Les instituteurs appartiennent généralement à une classe de la société qui ne peut, qui ne devrait pas attendre le paiement de ce qui leur est dû ; néanmoins les instituteurs du Limbourg n’ont touche leurs traitements pour 1843, que dans le courant du mois de septembre dernier ; je doute beaucoup qu’ils soient payés en ce moment pour 1844.
Au lieu de recevoir ce qui leur revenait en toute justice, ils ont à peine reçu la moitié de ce qu’ils touchaient avant la loi, dont le but fut d’améliorer leur position ; de plus, ceux qui n’avaient pas encore été subsidiés, parce qu’on attendait la mise en exécution de la loi, avant de se prononcer sur leurs requêtes, n’ont absolument rien reçu.
Il est vrai que M. le ministre, ayant enfin reconnu l’insuffisance de la somme qu’il avait accordée, a mis une nouvelle somme de 7,000 fr. à la disposition de la province, ce qui élève à 22,000 francs le subside de l’Etat (voir le tableau annexé au rapport de la section centrale). J’ai lieu de croire que cette somme sera suffisante pour l’exercice de 1843, et je remercie M. le ministre de s’être exécuté pour cet exercice ; mais je prends la liberté de faire remarquer à M. le ministre, qu’une pareille somme pour 1844 ne suffit pas, qu’il est temps que la loi soit franchement exécutée ; j’espère donc que l’Etat donnera toutes les sommes nécessaires et légalement constatées ; j’espère que toutes les autorités feront leur devoir, et que le gouvernement prêchera d’exemple.

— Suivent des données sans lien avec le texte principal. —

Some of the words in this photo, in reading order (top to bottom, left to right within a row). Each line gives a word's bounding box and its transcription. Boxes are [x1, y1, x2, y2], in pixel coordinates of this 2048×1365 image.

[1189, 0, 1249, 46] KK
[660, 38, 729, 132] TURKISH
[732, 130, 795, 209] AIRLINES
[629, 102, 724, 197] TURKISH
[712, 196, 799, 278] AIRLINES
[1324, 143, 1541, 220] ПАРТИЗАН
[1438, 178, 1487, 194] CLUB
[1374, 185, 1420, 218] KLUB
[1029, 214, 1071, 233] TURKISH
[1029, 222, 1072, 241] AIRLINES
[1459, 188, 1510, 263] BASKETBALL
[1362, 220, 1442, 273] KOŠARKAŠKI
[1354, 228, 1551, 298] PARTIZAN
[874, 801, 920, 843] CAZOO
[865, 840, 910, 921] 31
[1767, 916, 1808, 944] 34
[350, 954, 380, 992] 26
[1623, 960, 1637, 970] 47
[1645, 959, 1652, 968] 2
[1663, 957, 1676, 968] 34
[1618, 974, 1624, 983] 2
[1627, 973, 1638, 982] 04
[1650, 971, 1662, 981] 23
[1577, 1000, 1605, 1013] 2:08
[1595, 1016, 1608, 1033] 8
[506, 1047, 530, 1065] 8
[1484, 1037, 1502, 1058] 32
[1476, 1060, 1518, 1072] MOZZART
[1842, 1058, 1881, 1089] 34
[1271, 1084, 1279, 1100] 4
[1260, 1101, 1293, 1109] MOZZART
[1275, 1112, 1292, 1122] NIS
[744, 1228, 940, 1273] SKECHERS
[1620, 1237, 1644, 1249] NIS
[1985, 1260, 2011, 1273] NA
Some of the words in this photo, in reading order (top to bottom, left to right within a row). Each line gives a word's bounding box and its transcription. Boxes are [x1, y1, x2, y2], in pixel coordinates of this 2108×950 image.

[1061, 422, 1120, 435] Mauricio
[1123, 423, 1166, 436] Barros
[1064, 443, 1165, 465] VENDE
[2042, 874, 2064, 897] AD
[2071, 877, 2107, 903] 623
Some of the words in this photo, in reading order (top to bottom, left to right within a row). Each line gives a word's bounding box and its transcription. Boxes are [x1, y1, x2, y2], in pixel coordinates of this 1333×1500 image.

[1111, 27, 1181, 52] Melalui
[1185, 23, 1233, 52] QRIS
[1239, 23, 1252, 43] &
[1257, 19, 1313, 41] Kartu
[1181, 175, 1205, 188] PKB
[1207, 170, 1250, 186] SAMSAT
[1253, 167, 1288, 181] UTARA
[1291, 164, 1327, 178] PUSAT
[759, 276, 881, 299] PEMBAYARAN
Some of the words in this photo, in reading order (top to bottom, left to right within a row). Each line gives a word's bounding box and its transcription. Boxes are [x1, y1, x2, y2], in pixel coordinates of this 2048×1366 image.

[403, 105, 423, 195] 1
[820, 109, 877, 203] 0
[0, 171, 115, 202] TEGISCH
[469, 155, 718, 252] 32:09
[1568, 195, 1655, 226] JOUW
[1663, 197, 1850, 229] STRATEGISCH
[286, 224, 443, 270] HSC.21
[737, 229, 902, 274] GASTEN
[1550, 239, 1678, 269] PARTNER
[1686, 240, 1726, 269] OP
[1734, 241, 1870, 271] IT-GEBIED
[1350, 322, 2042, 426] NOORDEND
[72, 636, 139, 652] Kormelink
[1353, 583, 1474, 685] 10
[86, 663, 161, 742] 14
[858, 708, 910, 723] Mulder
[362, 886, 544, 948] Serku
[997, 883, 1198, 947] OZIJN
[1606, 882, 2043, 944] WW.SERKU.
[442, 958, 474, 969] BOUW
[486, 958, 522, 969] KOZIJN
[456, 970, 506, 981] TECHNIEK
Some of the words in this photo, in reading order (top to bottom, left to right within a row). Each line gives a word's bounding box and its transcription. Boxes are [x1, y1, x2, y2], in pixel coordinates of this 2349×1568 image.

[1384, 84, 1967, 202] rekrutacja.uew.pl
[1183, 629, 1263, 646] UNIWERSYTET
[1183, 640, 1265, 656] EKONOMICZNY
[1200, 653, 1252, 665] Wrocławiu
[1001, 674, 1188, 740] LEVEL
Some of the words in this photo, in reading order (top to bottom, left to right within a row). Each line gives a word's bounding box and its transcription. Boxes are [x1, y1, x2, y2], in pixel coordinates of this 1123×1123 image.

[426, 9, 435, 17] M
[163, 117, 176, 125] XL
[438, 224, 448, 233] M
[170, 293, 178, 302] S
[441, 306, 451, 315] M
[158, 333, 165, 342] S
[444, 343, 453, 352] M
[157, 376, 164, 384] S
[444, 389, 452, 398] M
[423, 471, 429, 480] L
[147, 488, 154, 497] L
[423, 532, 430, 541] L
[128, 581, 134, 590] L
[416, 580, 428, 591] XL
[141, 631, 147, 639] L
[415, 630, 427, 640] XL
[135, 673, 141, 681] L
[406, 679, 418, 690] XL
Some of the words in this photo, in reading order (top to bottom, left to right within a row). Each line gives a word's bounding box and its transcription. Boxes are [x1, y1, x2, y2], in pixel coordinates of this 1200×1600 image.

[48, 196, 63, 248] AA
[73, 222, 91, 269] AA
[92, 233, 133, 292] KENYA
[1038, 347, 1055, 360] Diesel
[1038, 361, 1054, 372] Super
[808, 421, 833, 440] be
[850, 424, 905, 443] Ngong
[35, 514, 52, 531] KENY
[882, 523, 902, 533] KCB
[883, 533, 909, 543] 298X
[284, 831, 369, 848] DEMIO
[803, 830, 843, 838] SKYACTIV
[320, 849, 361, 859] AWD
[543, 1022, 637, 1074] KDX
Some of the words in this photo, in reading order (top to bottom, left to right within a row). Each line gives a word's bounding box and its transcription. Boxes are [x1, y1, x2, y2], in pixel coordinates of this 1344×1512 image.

Je termine par une considération qui est de la plus haute importance : si l’on veut un bon enseignement primaire, il faut, avant tout, assurer une existence honorable aux instituteurs, il leur faut un traitement dont ils puissent subsister ; sans cela, la loi organique, règlements, inspections civiles et ecclésiastiques, etc., tout cela est en pure perte ; il faut donc que les autorités communales portent à leurs budgets les sommes nécessaires, il faut que les députations, après avoir consulté les inspecteurs provinciaux et cantonaux, allouent, portent même d’office aux budgets communaux tout ce qui est nécessaire pour atteindre le but, que nous voulons tous : un bon enseignement primaire.
On objectera peut-être qu’un pareil système entraînera à de trop grandes dépenses. Si au lieu de lésiner sur les sommes réclamées par les provinces qui se sont franchement exécutées, on n’augmente pas contrairement à la loi les subsides des provinces dont les sacrifices n’égalent pas le produit d’un demi centime additionnel, si, en un mot, la loi est exécutée comme elle doit l’être. Je pense que la somme portée au budget pourra suffire à tous les besoins ; mais supposons qu’il n’en soit pas ainsi, est-ce trop que six centimes additionnels (deux communaux, deux provinciaux, et je suppose deux de l’Etat) pour un objet aussi important que l’enseignement primaire, dont tous les Belges profitent ? Je le proclame hautement, je voterai avec plaisir, et je pense que tous les amis de l’instruction et du progrès voteront de grand cœur tout ce qui sera demandé en faveur de l’enseignement primaire, pourvu que la nécessité en soit démontrée.
- L’art. 7 est mis aux voix et adopté.
« Art. 8. Subsides pour l’enseignement à donner aux sourds-muets et aux aveugles : fr. 20,000. »
- Adopté.
La chambre passe au chapitre XX, Lettres, sciences et arts. La discussion est ouverte sur l’ensemble de ce chapitre.
M. Rogier – J’ai quelques observations à présenter sur l’ensemble du chapitre XX.
Ce chapitre est l’un des plus importants du budget de l’intérieur. Avec l’instruction publique, il forme en quelque sorte la partie intellectuelle, civilisatrice du budget.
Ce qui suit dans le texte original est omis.